Dr Susie Burke (33:15):
Oh, well, that sounds amazing. I’m like, Ann, I’m going to have to this podcast to take further notes of those examples that you were just skewing then, even though I’ve heard you talk about them before. I was thinking when you were talking about the Tree of Life, I was thinking, oh, I think I have a little bit more cool with my participants in my workshops with. I’ll often, might just share an example of something that I might use as an opening and then as a closing exercise. The cool one is my opening exercise. So I will often get people to do open sentences where they’ll pair up and I’ll get them to begin a sentence with a phrase like, what keeps me awake at night? Or What breaks my heart about the climate crisis is, or what I feel most guilty about is. And the idea of doing those open sentences is to have people have an opportunity to be able to explore some of the things that really are distressing them and to awaken and bring out some of the emotions, because as Joanna Macy says, it’s enlivening to go to the depths of our feelings and to discover that the pit is in fact not bottomless. So I’ll do that, and then when people are feeling dreadful, I’ll
(34:28):
then do an act to exercise with them as a group where I’ll get them to close their eyes and it’s an open up breathe to expand exercise, which many of you listening will be really familiar with. So getting them to locate where the feeling is in their body or the different places that they might be feeling that feeling of anguish or grief or despair or fear or whatever. And to be able to sort of physicalize it to be able to notice what it feels like, what its substance is, what its colour is, what its temperature is, whether it’s moving, and then to be able to breathe around it and to make more room for that feeling. So in that way, fully accepting that that feeling is there. And all you need to do is notice search and make room for it and allow it to be there.
(35:12):
So I’ll do that for them as an exercise. And then one of my closing exercises, which is a new one I’ve just come up with is based on theatre sports. So I’m a great fan of theatre sports and improvisation using imagination. And there’s a lot of the literature that talks to us about how imagination is actually our most important asset in getting ourselves through this crisis and being able to transform our societies and our economy. And so this exercise follows a theatre sports game called No, you didn’t. Or, oh, that’s nothing, which anybody who knows theatre sports will know, and the rest of you won’t know. But I won’t go into that at the moment. But the version that is a more optimistic version based on the climate research is called What If. So Rob Hopkins, who was the founder of the Transition Town Movement, has written a book recently called From What Is To What If.
(36:06):
And he gets people to use this question of, well, what if? And one of the examples he gave in his book was, what if you could swim in the River Thames, which it would be a bit like swimming in the Yarra River in Melbourne would be like, oh, no, that’s actually quite disgusting. But what if you could, and what would that entail that we would also need to address and look at? And so the game is that one person starts by saying something like, what if there was a restaurant in town that entirely used protein that was not coming from animals that had a really low carbon footprint, and you then elaborate and that everybody that came there was introduced to this new protein, which is actually already available. It’s already been produced in Finland and Singapore. You can go on. And then somebody else then has an idea interrupts and says, and what if, oh, yes, that’s something and, and then they come up with their own imagination about another possible future. Because what we know is that when we can dream of a future that maybe doesn’t exist yet, but that example I gave you almost does exist, and you then get excited about it, you’re then more likely to think about the paths that it would take to actually get there, and then you’re more likely to actually put the action into making those things happen. So it’s a very enlivening sort of energising, sometimes silly, sometimes a bit creative, but inspiring sort of way to finish a workshop. So just offer that.

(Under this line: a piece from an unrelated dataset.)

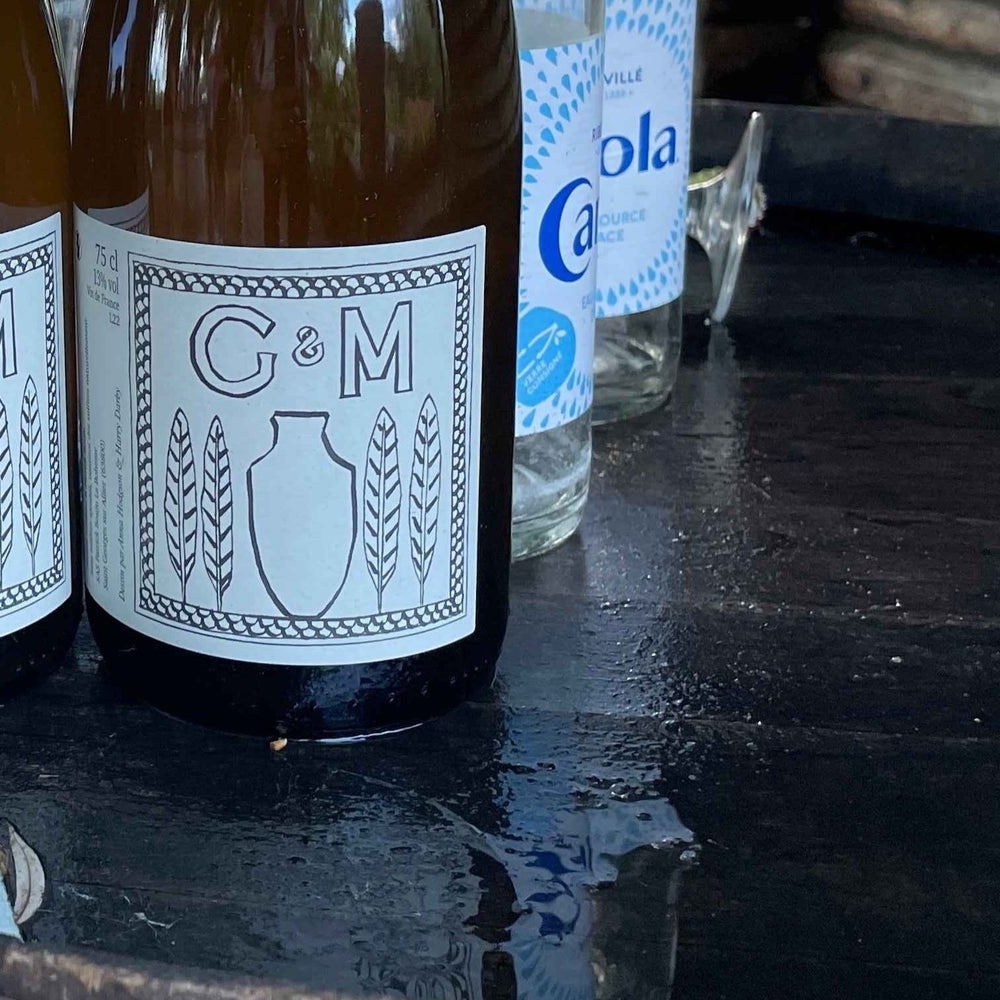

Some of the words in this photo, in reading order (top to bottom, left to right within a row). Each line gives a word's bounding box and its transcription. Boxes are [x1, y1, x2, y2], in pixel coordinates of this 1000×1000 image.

Professor Ann Sanson (37:35):
Those are very lovely examples from both Merle and Susie. I was going to talk about some of the work that I do, but I’ll save that for another episode. But I really love the hope and the action and the solution focused work that both of you are doing. But I think we are about at the end of our time for this episode. So thank you to our listeners for joining us on this episode of MHPN Presents, a conversation about climate change and mental health. Many thanks to both Merle and to Susie. So you’ve been listening to me, Ann Sanson, to Merle Conyer, and to Susie Burke. We hope you’ve enjoyed this conversation as much as we have. In the next episode, we’ll be talking particularly about children and youth in the climate emergency, the ones who are going to be really living through this, what the research tells us about their reactions to the emergency, how parents and mental health providers can respond to their needs.
(38:33):
And the fourth episode will focus on us, including looking after ourselves as well as our clients and our communities. So if you want to learn more about Merle, Susie, or me, or if you want to access the resources we’ve referred to, you can go to the landing page of this episode and follow the hyperlinks. I know that MHPN really values your feedback. So on the landing page, you’ll find a link to a feedback survey, and if you follow that, you’ll be able to let us know whether you found this episode helpful, provide comments or suggestions about how we and MHPN can best meet your needs. So thank you for your commitment to and engagement with interdisciplinary person-centered mental health care. And it’s goodbye from me,
Merle Conyer (39:17):
from me
Dr Susie Burke (39:18):
And me.
Professor Ann Sanson (39:19):
And please join us for the next podcast conversation in the series, which will be released on Wednesday fortnight.
Host (39:28):
Visit mhpn.org au to find out more about our online professional program, including podcasts, webinars, as well as our face-to-face interdisciplinary mental health networks across Australia.
A ‘conspiracy of silence’ around climate change might be present in any conversation, even within mental health practice. In fact, this ‘elephant in the room’ may be bigger than you realise.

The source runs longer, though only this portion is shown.